Problem statement. Reproduce the entries below exactly, but leave the pictures out.

Extracted records.

--- --- ---

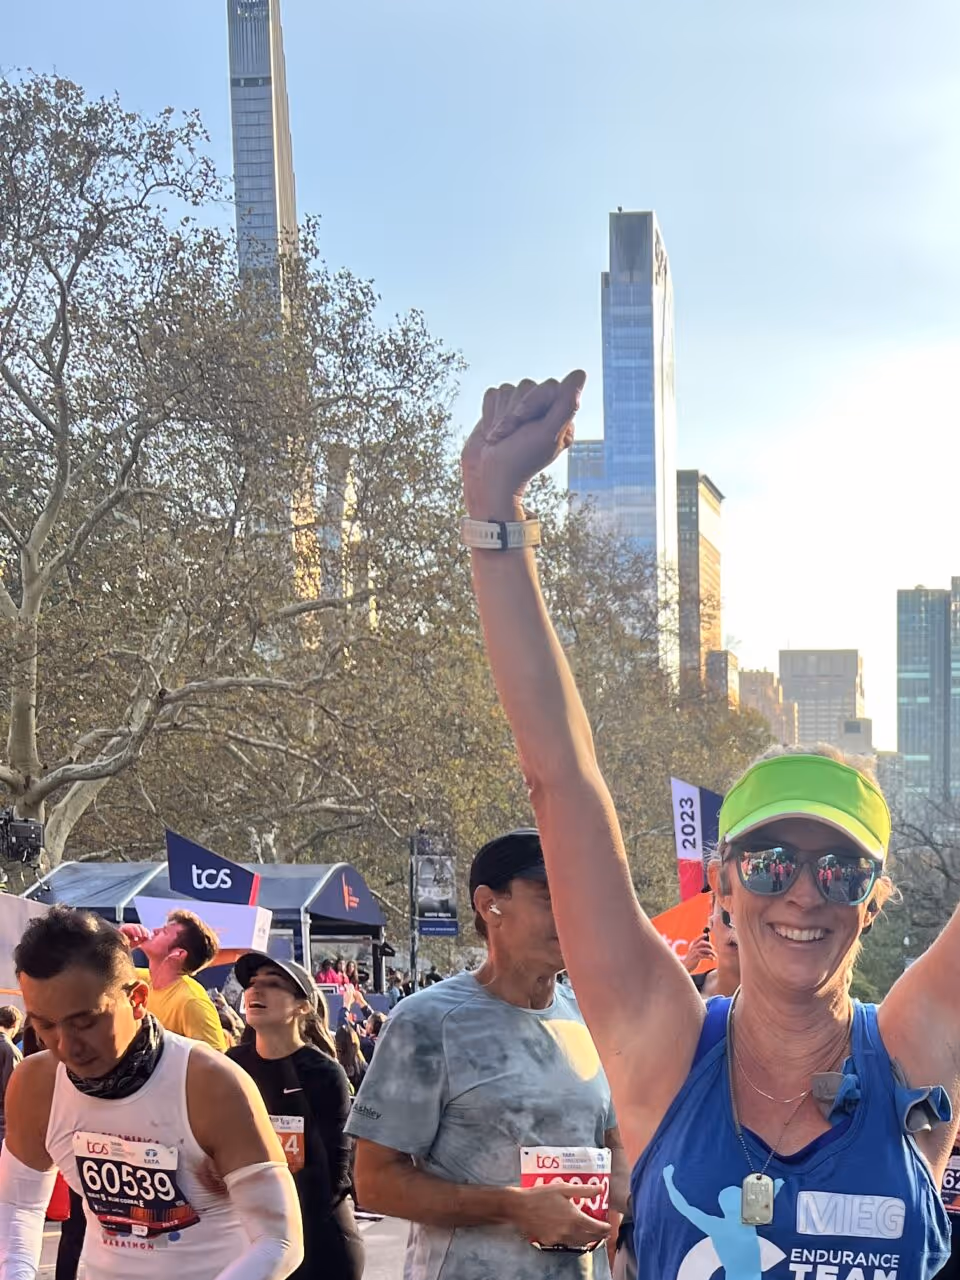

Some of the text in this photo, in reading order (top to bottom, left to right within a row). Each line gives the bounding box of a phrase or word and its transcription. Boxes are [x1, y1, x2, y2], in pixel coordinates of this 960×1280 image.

[679, 797, 696, 850] 2023
[192, 864, 232, 889] tcs
[86, 1140, 109, 1155] tcs
[536, 1152, 560, 1169] tcs
[82, 1160, 176, 1202] 60539
[802, 1193, 905, 1238] MEG
[790, 1248, 900, 1269] ENDURANCE

--- --- ---

The answer.
Some of the text in this photo, in reading order (top to bottom, left to right within a row). Each line gives the bounding box of a phrase or word and its transcription. Boxes are [x1, y1, x2, y2], in pixel coordinates of this 960×1280 image.

[679, 797, 696, 850] 2023
[192, 864, 232, 889] tcs
[86, 1140, 109, 1155] tcs
[536, 1152, 560, 1169] tcs
[82, 1160, 176, 1202] 60539
[802, 1193, 905, 1238] MEG
[790, 1248, 900, 1269] ENDURANCE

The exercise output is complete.